DIRECTIONS FOR THIS TASK
Please write out the final portion of the records below exactly: the line containing "Some of the words", every line after it, and nothing else.

◇ ◇ ◇ ◇ ◇ ◇ ◇

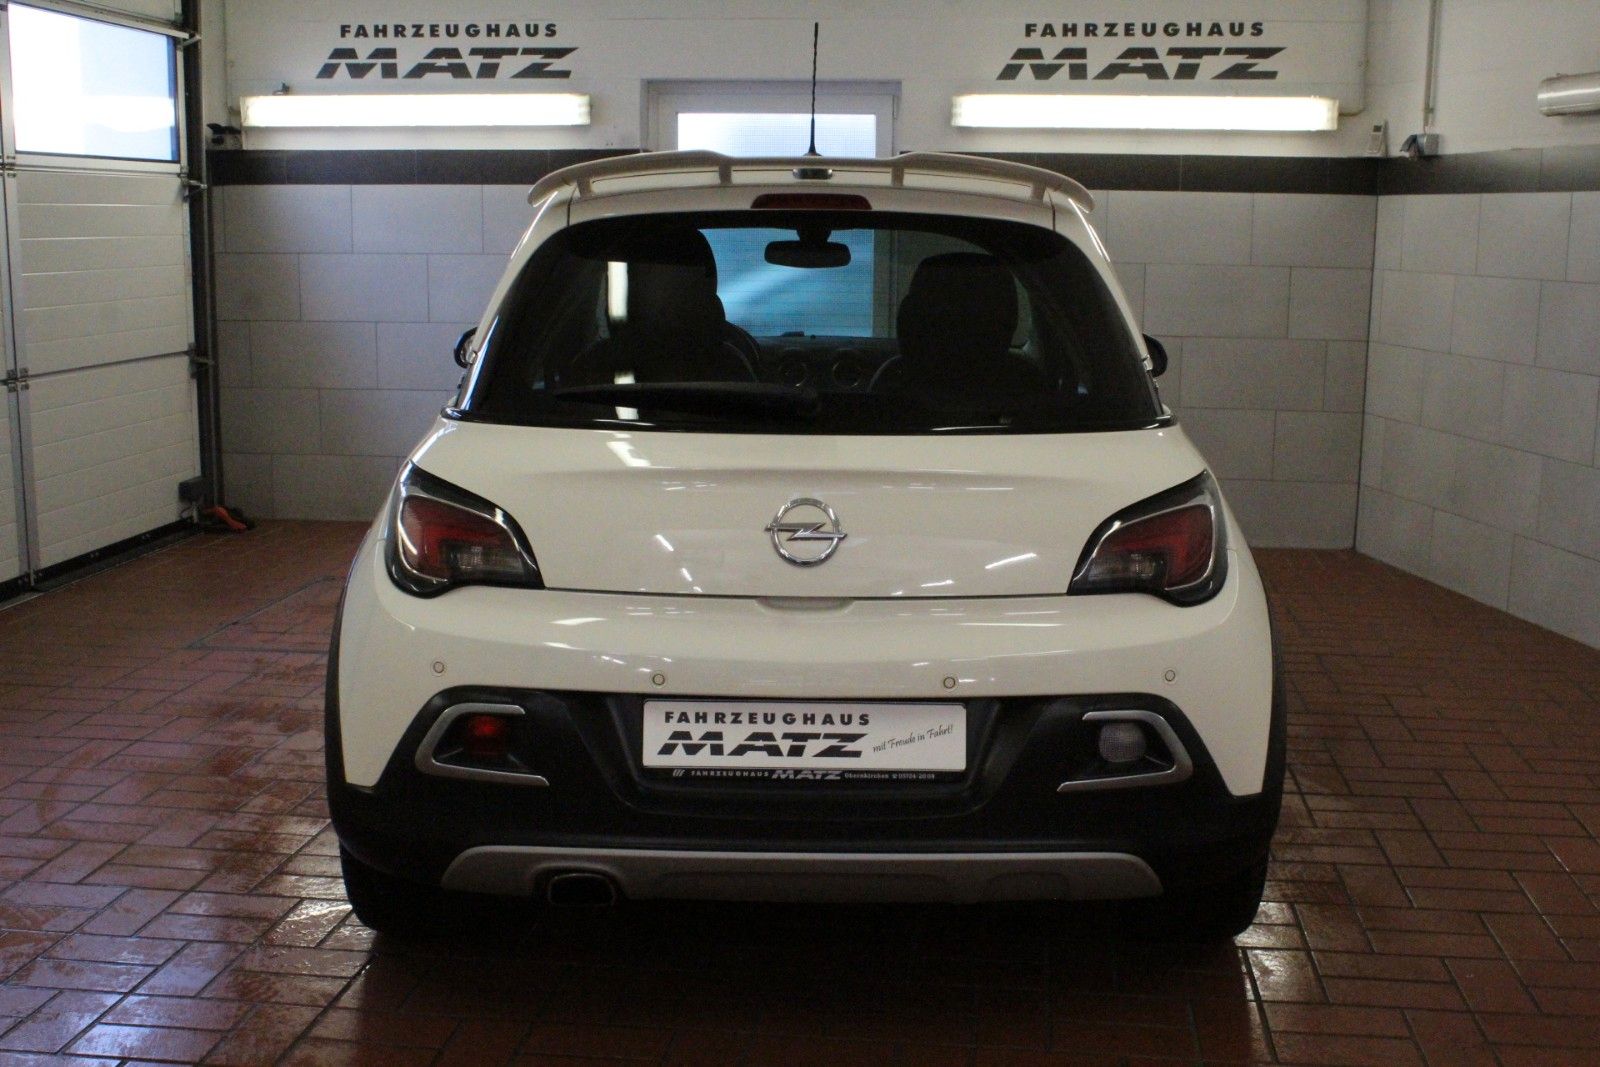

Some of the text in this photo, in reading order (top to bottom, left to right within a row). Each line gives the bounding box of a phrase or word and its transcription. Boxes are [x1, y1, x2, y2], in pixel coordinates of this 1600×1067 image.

[339, 23, 558, 39] FAHRZEUGHAUS
[1024, 21, 1265, 38] FAHRZEUGHAUS
[315, 47, 580, 80] MATZ
[995, 46, 1288, 81] MATZ
[664, 711, 870, 726] FAHRZEUGHAUS
[656, 730, 869, 758] MATZ
[872, 724, 954, 753] mit Freude in Fahrt!
[691, 769, 769, 778] FAHRZEUGHAUS
[771, 768, 842, 780] MATZ
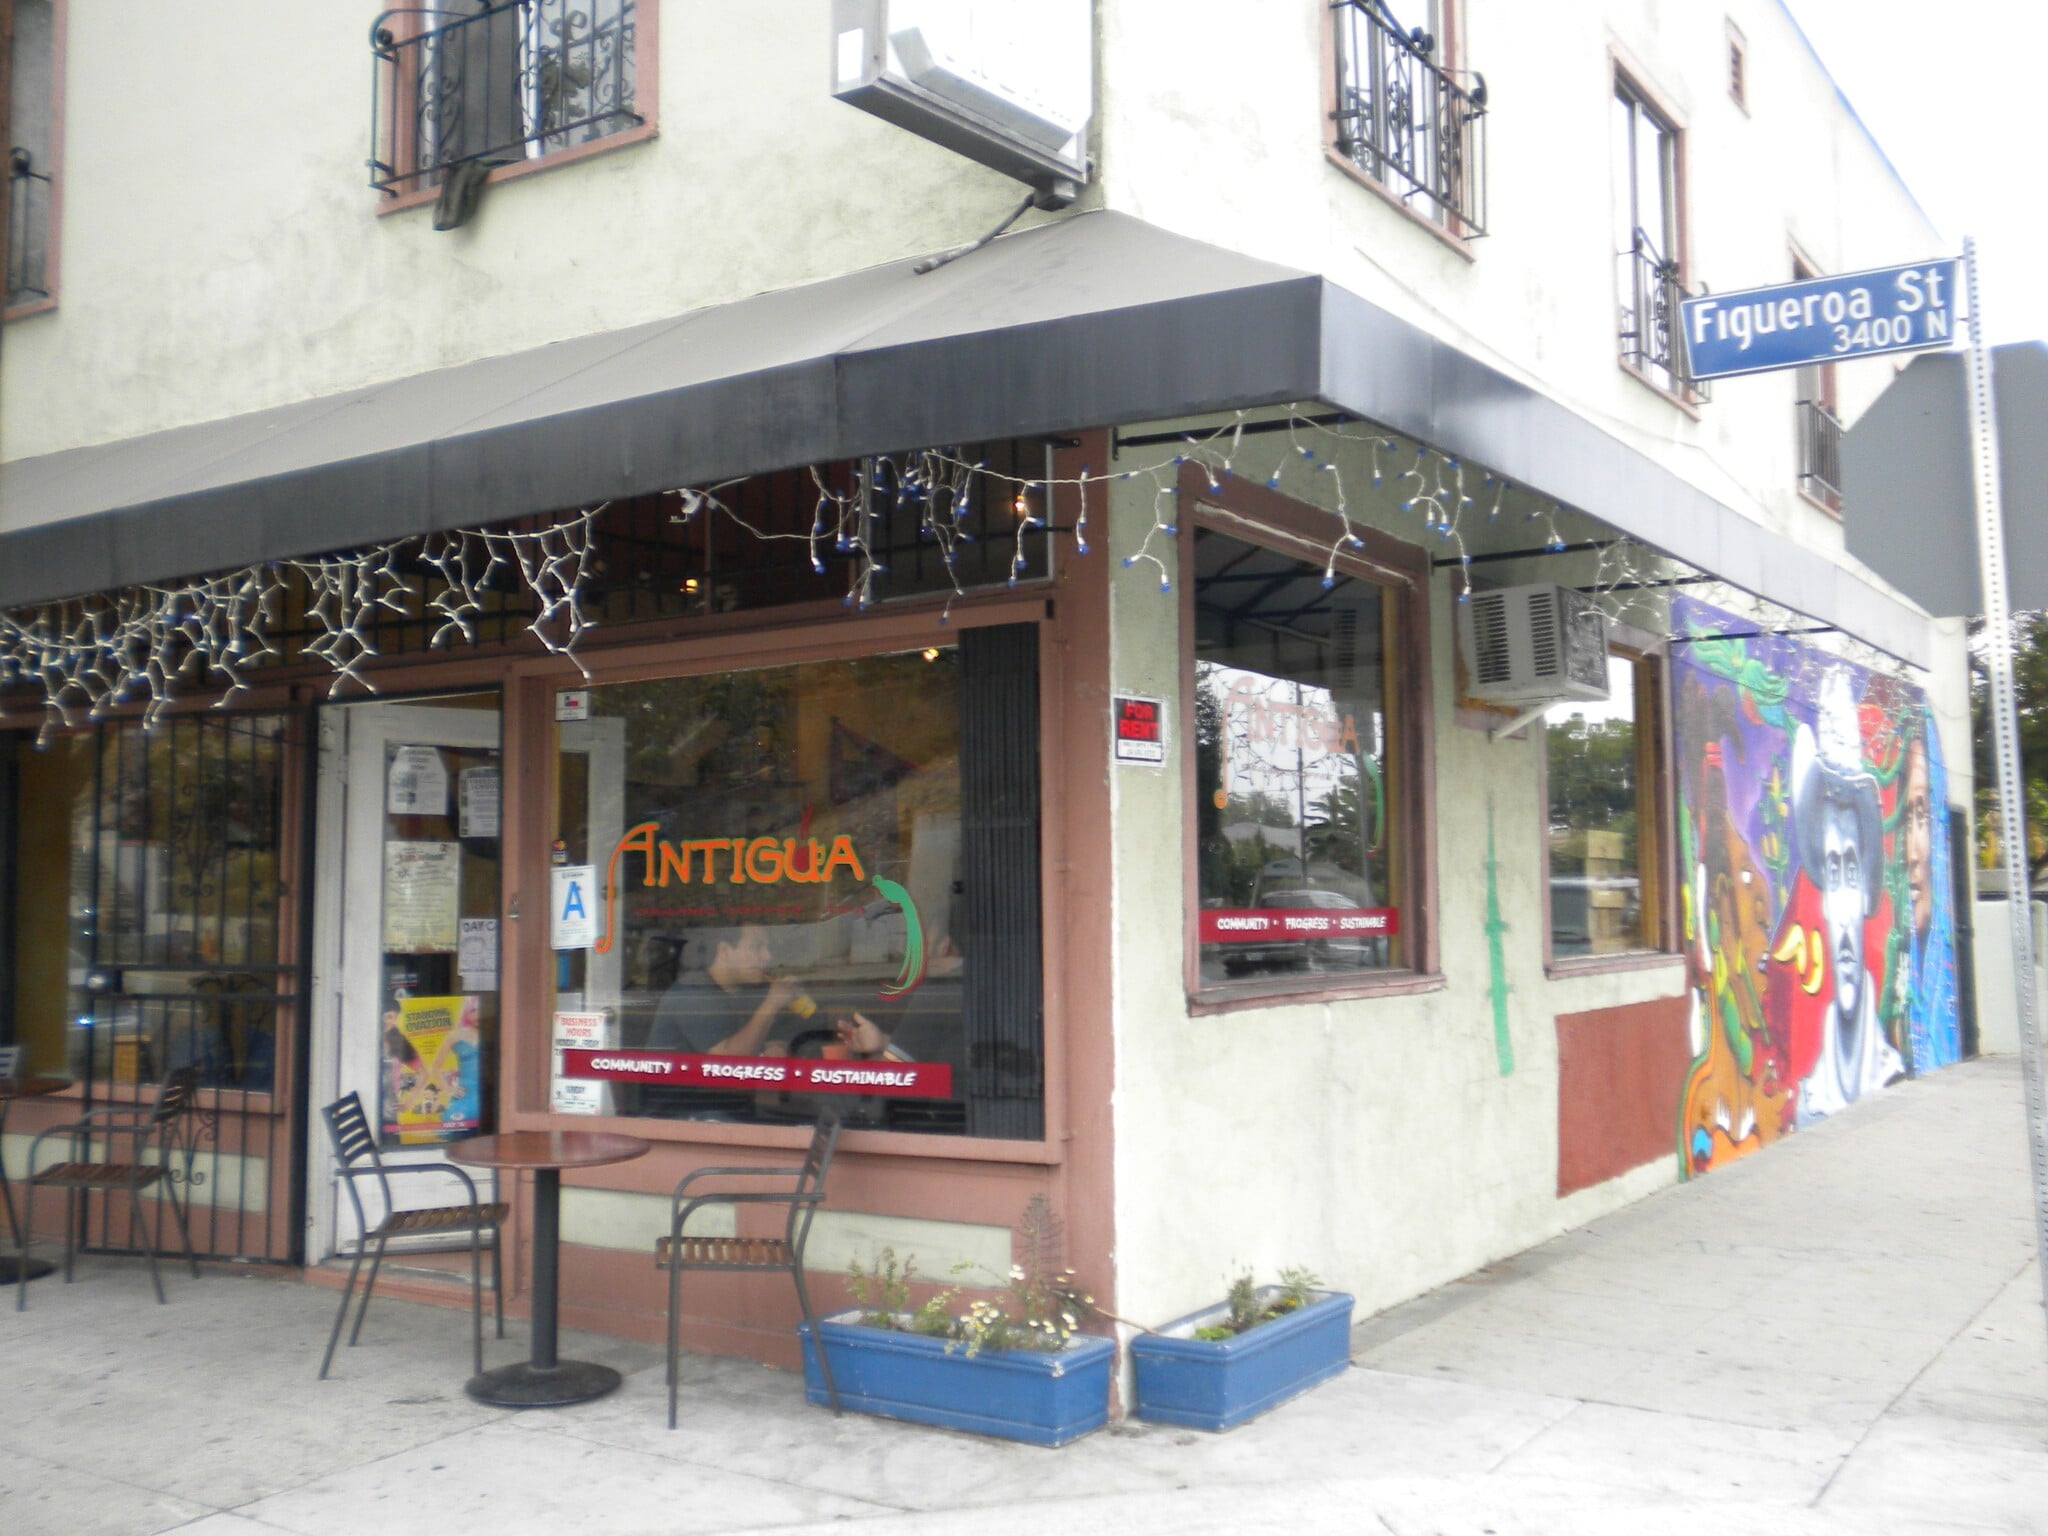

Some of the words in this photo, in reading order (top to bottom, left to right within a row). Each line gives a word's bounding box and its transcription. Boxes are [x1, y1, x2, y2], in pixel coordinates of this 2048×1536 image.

[1693, 287, 1872, 351] Figueroa
[1896, 267, 1945, 312] St
[1832, 314, 1912, 352] 3400
[1926, 309, 1948, 339] N
[1124, 701, 1155, 720] FOR
[1119, 719, 1159, 740] RENT
[594, 822, 865, 953] ANTIGUA
[561, 880, 586, 921] A
[1217, 917, 1269, 930] COMMUNITY
[1285, 917, 1330, 930] PROGRESS
[1339, 916, 1388, 929] SUSTAINABLE
[407, 1007, 451, 1021] STANDING
[560, 1016, 597, 1027] BUSINESS
[406, 1017, 452, 1033] OVATION
[566, 1027, 592, 1038] HOURS
[590, 1058, 672, 1074] COMMUNITY
[701, 1063, 785, 1081] PROGRESS
[810, 1069, 917, 1087] SUSTAINABLE

◇ ◇ ◇ ◇ ◇ ◇ ◇

SOLUTION TO THIS PROBLEM
Some of the words in this photo, in reading order (top to bottom, left to right within a row). Each line gives a word's bounding box and its transcription. Boxes are [x1, y1, x2, y2], in pixel coordinates of this 2048×1536 image.

[1693, 287, 1872, 351] Figueroa
[1896, 267, 1945, 312] St
[1832, 314, 1912, 352] 3400
[1926, 309, 1948, 339] N
[1124, 701, 1155, 720] FOR
[1119, 719, 1159, 740] RENT
[594, 822, 865, 953] ANTIGUA
[561, 880, 586, 921] A
[1217, 917, 1269, 930] COMMUNITY
[1285, 917, 1330, 930] PROGRESS
[1339, 916, 1388, 929] SUSTAINABLE
[407, 1007, 451, 1021] STANDING
[560, 1016, 597, 1027] BUSINESS
[406, 1017, 452, 1033] OVATION
[566, 1027, 592, 1038] HOURS
[590, 1058, 672, 1074] COMMUNITY
[701, 1063, 785, 1081] PROGRESS
[810, 1069, 917, 1087] SUSTAINABLE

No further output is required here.